(Text-to-region grounding data)
☆ ☆ ☆ ☆
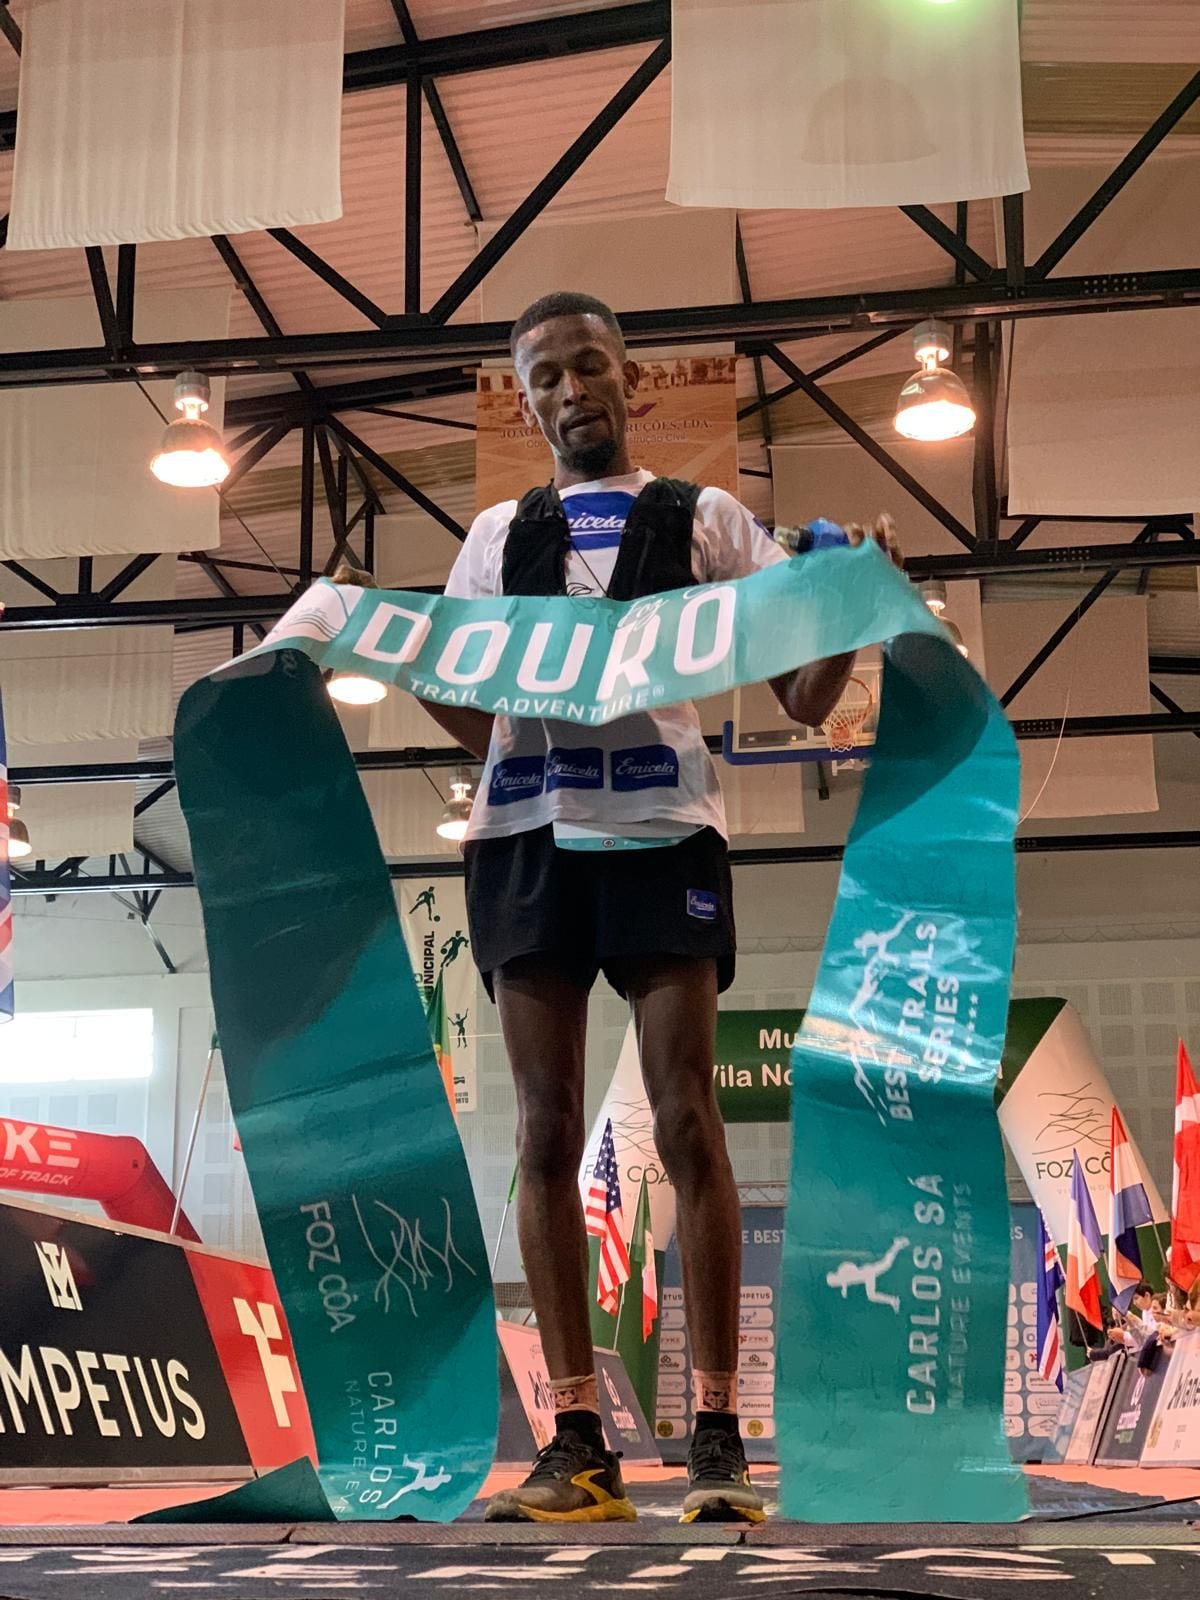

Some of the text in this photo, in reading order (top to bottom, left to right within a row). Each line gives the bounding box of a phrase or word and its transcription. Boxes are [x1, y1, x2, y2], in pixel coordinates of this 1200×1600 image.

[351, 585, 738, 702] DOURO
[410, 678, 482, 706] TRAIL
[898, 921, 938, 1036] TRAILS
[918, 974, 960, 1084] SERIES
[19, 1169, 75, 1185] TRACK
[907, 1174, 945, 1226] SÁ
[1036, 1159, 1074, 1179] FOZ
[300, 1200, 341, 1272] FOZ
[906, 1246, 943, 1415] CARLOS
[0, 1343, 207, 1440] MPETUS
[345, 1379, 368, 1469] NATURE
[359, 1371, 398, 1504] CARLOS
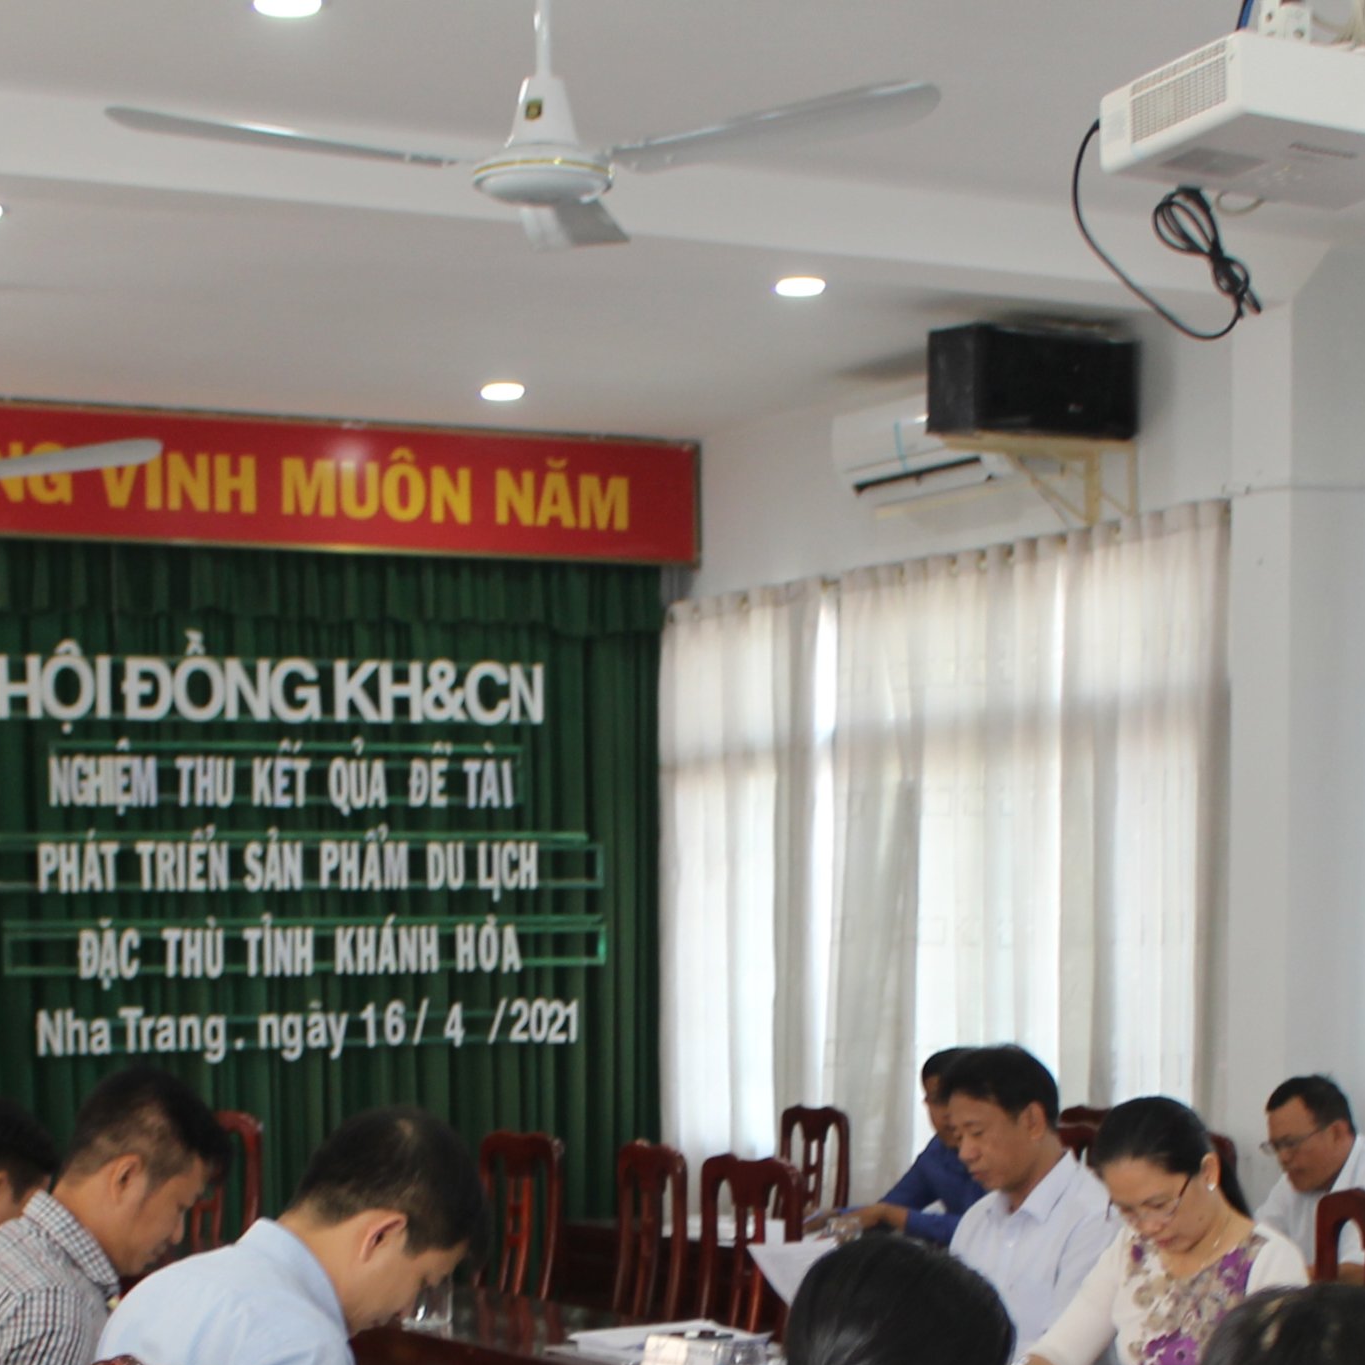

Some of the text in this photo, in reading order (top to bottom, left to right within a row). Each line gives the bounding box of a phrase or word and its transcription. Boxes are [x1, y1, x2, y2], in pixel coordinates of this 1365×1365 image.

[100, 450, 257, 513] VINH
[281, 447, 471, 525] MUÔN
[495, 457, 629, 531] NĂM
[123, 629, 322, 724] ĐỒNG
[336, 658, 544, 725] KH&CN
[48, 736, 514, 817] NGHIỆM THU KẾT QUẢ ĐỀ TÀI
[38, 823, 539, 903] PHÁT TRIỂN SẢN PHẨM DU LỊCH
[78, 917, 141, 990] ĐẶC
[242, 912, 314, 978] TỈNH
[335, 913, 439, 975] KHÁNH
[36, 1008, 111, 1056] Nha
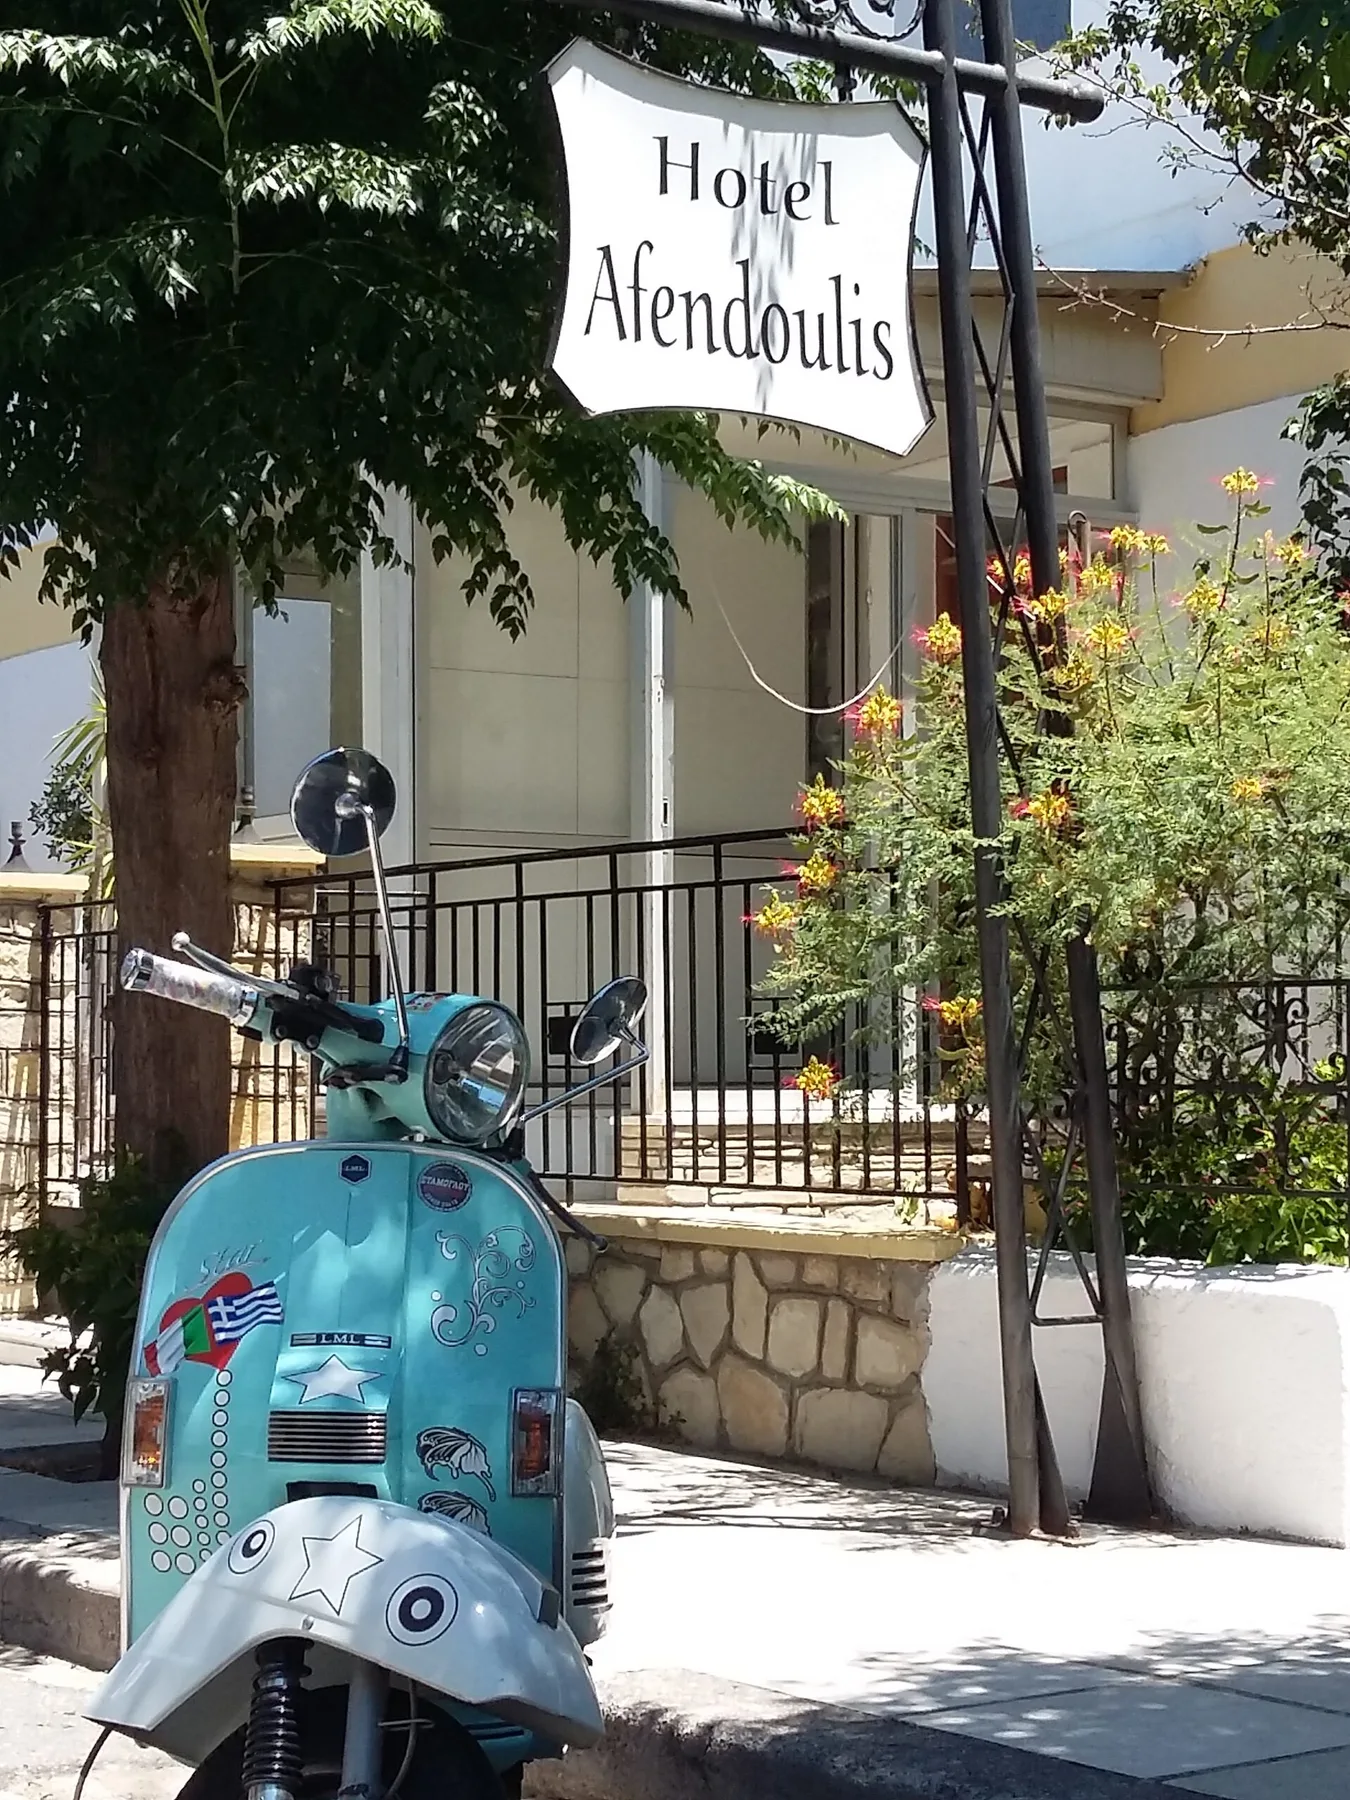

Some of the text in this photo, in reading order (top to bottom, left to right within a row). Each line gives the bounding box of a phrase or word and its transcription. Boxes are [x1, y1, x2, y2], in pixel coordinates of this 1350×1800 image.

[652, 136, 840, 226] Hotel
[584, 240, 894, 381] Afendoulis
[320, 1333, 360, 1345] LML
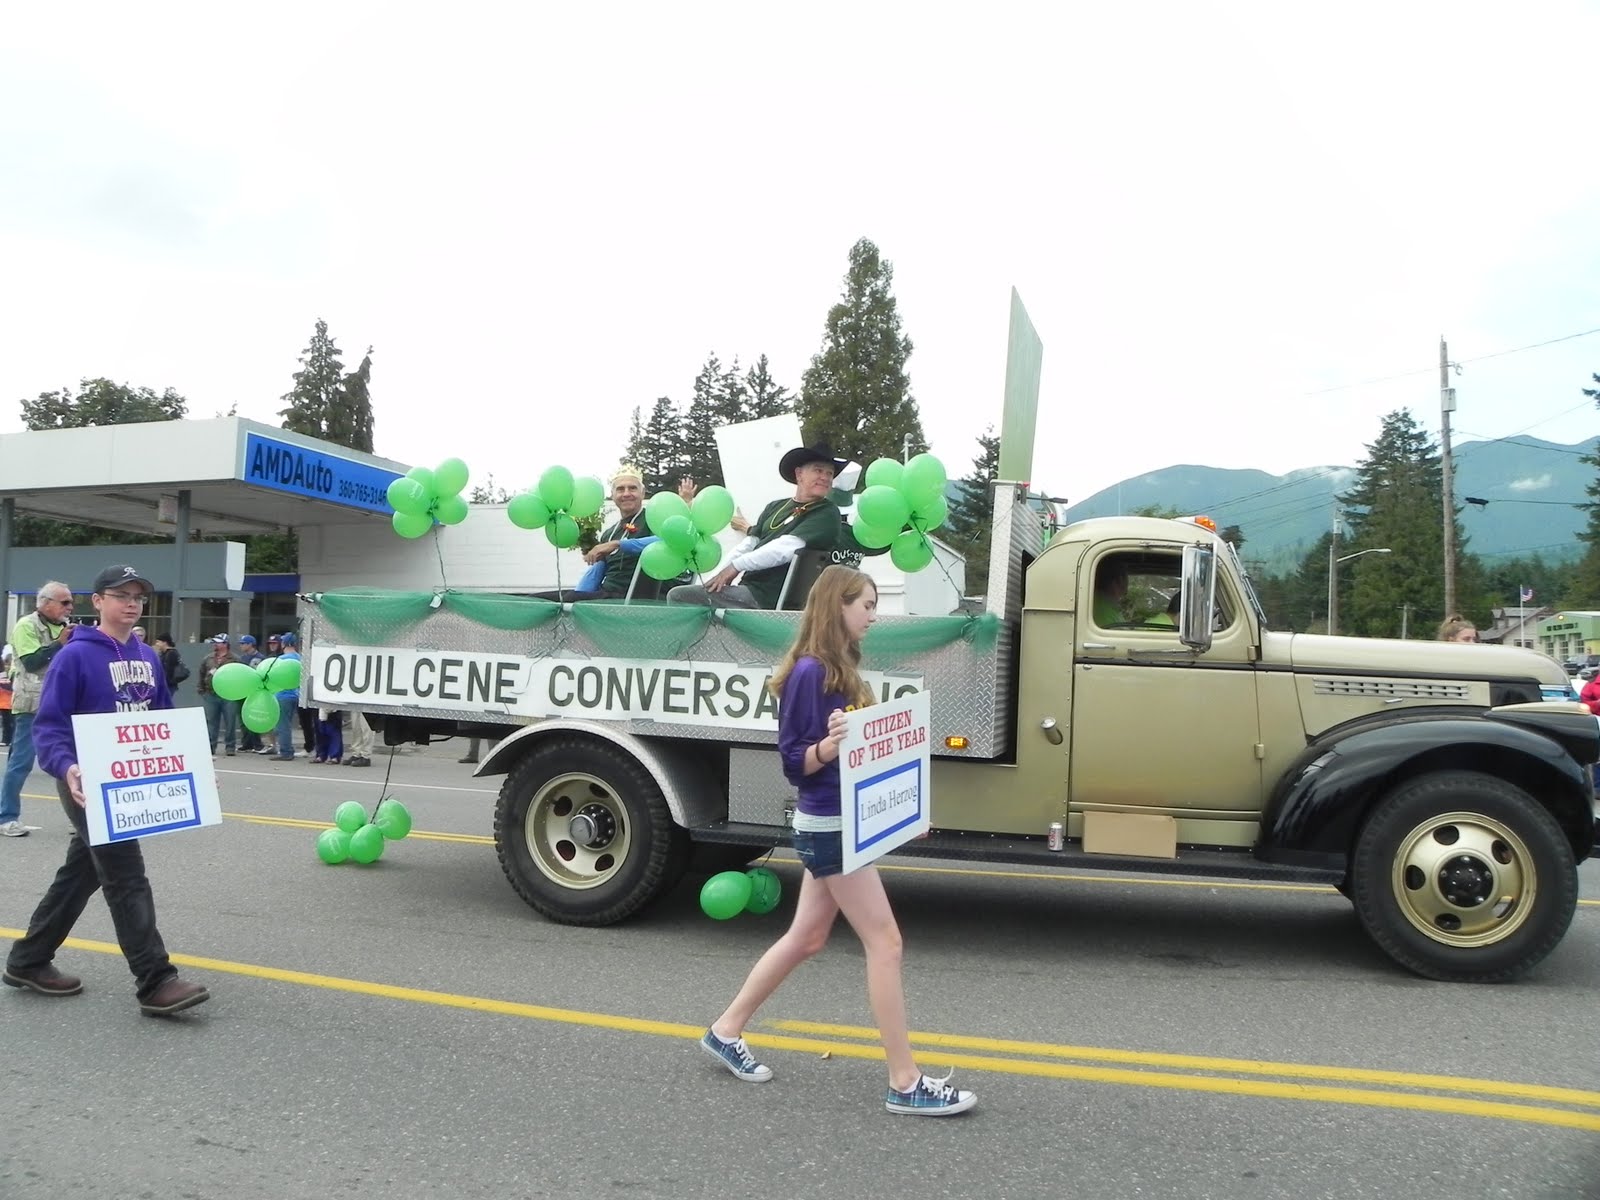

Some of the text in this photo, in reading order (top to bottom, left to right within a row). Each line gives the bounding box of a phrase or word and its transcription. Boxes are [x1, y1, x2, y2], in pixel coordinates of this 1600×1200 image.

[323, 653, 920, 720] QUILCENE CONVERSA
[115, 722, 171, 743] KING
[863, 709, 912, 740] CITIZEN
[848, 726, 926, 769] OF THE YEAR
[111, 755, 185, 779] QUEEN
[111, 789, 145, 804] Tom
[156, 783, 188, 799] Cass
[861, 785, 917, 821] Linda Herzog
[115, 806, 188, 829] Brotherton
☆ ☆ ☆ ☆
* [Task to carry out]:
Could you set down the records above exactly, skipping any picture?

* [Answer to this problem]:
Some of the text in this photo, in reading order (top to bottom, left to right within a row). Each line gives the bounding box of a phrase or word and its transcription. Boxes are [x1, y1, x2, y2], in pixel coordinates of this 1200×1600 image.

[351, 585, 738, 702] DOURO
[410, 678, 482, 706] TRAIL
[898, 921, 938, 1036] TRAILS
[918, 974, 960, 1084] SERIES
[19, 1169, 75, 1185] TRACK
[907, 1174, 945, 1226] SÁ
[1036, 1159, 1074, 1179] FOZ
[300, 1200, 341, 1272] FOZ
[906, 1246, 943, 1415] CARLOS
[0, 1343, 207, 1440] MPETUS
[345, 1379, 368, 1469] NATURE
[359, 1371, 398, 1504] CARLOS

Some of the text in this photo, in reading order (top to bottom, left to right within a row). Each line gives the bounding box of a phrase or word and its transcription. Boxes are [x1, y1, x2, y2], in pixel coordinates of this 1365×1365 image.

[100, 450, 257, 513] VINH
[281, 447, 471, 525] MUÔN
[495, 457, 629, 531] NĂM
[123, 629, 322, 724] ĐỒNG
[336, 658, 544, 725] KH&CN
[48, 736, 514, 817] NGHIỆM THU KẾT QUẢ ĐỀ TÀI
[38, 823, 539, 903] PHÁT TRIỂN SẢN PHẨM DU LỊCH
[78, 917, 141, 990] ĐẶC
[242, 912, 314, 978] TỈNH
[335, 913, 439, 975] KHÁNH
[36, 1008, 111, 1056] Nha

Some of the text in this photo, in reading order (top to bottom, left to right within a row). Each line gives the bounding box of a phrase or word and its transcription. Boxes are [x1, y1, x2, y2], in pixel coordinates of this 1350×1800 image.

[652, 136, 840, 226] Hotel
[584, 240, 894, 381] Afendoulis
[320, 1333, 360, 1345] LML

Some of the text in this photo, in reading order (top to bottom, left to right within a row). Each line gives the bounding box of a phrase or word and its transcription. Boxes are [x1, y1, x2, y2], in pixel coordinates of this 1600×1200 image.

[323, 653, 920, 720] QUILCENE CONVERSA
[115, 722, 171, 743] KING
[863, 709, 912, 740] CITIZEN
[848, 726, 926, 769] OF THE YEAR
[111, 755, 185, 779] QUEEN
[111, 789, 145, 804] Tom
[156, 783, 188, 799] Cass
[861, 785, 917, 821] Linda Herzog
[115, 806, 188, 829] Brotherton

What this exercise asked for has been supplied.